The University of Chicago Medical Center issued the following statement to Progress Illinois following the Trauma Care Coalition's news conference:  

There is tremendous support for the University of Chicago Medicine’s proposed outpatient facility in Orland Park. In fact, we have already received 13 letters of support for our project — from physicians in the community, from patients we've treated who had to travel to the city from the Orland Park community regularly for treatment and from community leaders.

Moreover, there is a demonstrated need in the community. Research shows that by 2018, the greater Orland Park area will need 370 additional physicians and 413 exam rooms to keep pace with population growth and anticipated impact from the Affordable Care Act.  Additionally, the University of Chicago Medicine (UCM) already has a strong patient-base in the area with approximately 122,000 outpatient visits in FY2013 coming from patients in the south suburbs. With this project, UCM would effectively bring our specialty services closer to home for thousands of current and prospective patients.

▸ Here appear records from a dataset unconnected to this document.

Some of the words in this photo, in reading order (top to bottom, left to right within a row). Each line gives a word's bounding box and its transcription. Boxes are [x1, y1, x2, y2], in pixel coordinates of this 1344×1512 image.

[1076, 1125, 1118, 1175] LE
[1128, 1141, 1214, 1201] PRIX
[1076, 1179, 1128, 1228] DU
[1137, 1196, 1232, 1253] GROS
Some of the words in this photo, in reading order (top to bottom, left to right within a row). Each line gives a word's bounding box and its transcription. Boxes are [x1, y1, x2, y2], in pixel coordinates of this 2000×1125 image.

We remain deeply committed to our home and community on the South Side of Chicago. Our emergency rooms saw almost 47,000 adults and nearly 30,000 pediatric patients in the last fiscal year, and our burn unit treated about 300 patients, a third of whom came from the South Side. In addition, our Comer Children’s Hospital trauma center cared for 260 seriously injured children last year, and about 50 percent of our pediatric intensive care patients come from neighboring communities.

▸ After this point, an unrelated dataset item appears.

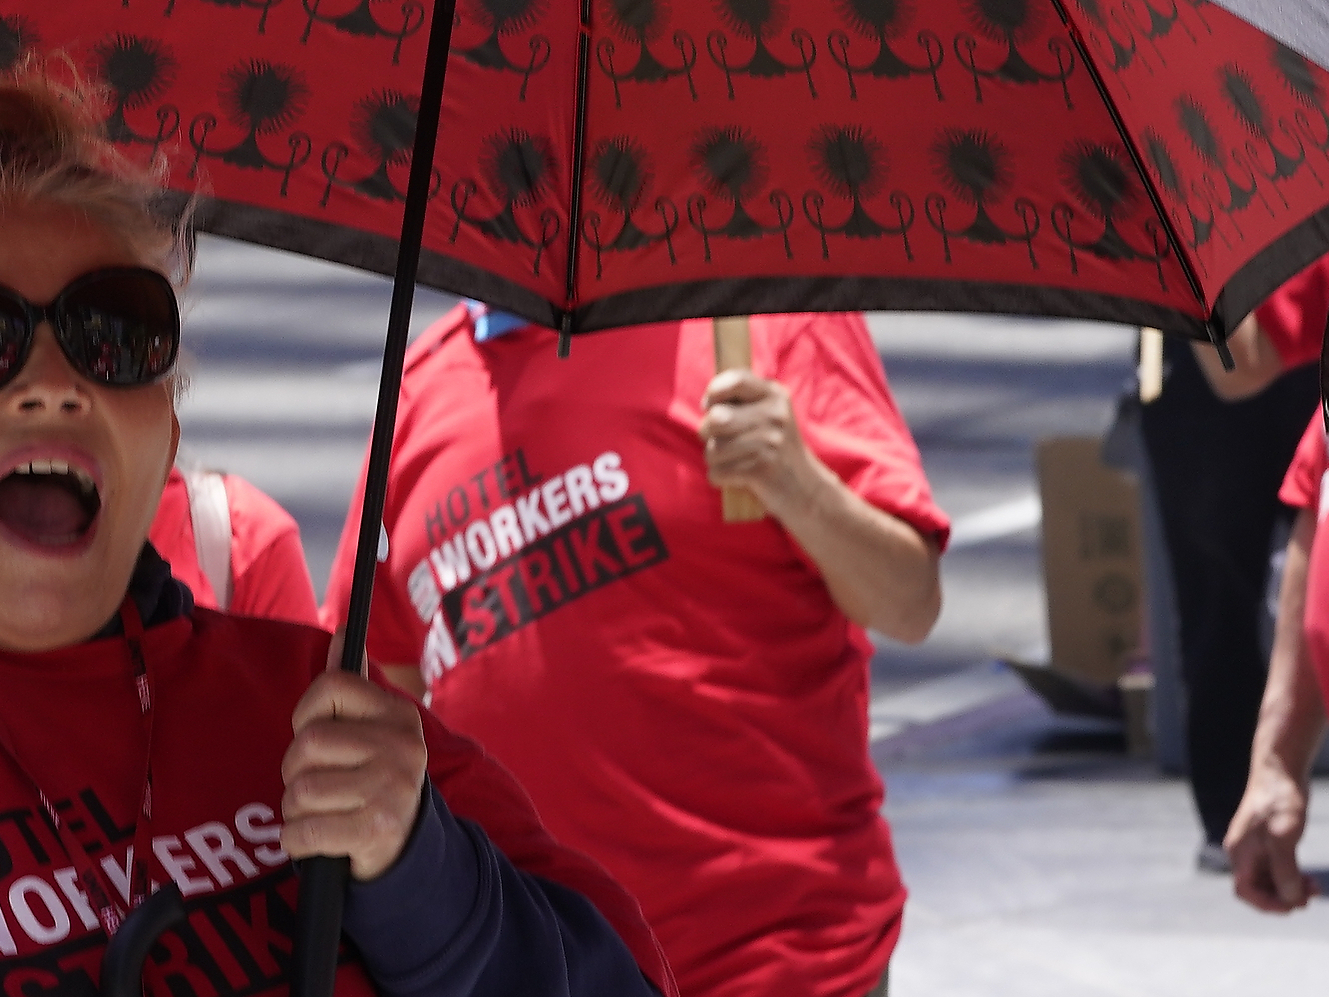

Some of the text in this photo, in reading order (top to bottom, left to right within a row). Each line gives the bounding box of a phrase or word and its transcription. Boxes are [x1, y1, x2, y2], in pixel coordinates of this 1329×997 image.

[424, 445, 544, 545] HOTEL
[429, 450, 630, 592] WORKERS
[458, 504, 659, 647] STRIKE

But we also believe all our patients deserve to have the chance to benefit from our expertise in treating very complex disorders, in their own communities.

Developing a Level 1 adult trauma center at UCM would be a massive undertaking requiring significant hospital and state approvals, resources and funding. A new adult trauma center at UCM could also negatively impact the nine other trauma centers already serving Cook County in terms of their funding and certification. These are complex issues that require every partner in the community coming together to find a solution.

If the Illinois Health Facilities and Services Review Board approves the university's project, Morris-Moore said activists will continue their fight for a South Side trauma center.

Organizers, she added, will keep attention on the issue because, "This hospital is getting away, essentially, with murder by denying a community of poor, underserved, underprivileged people life-saving health services."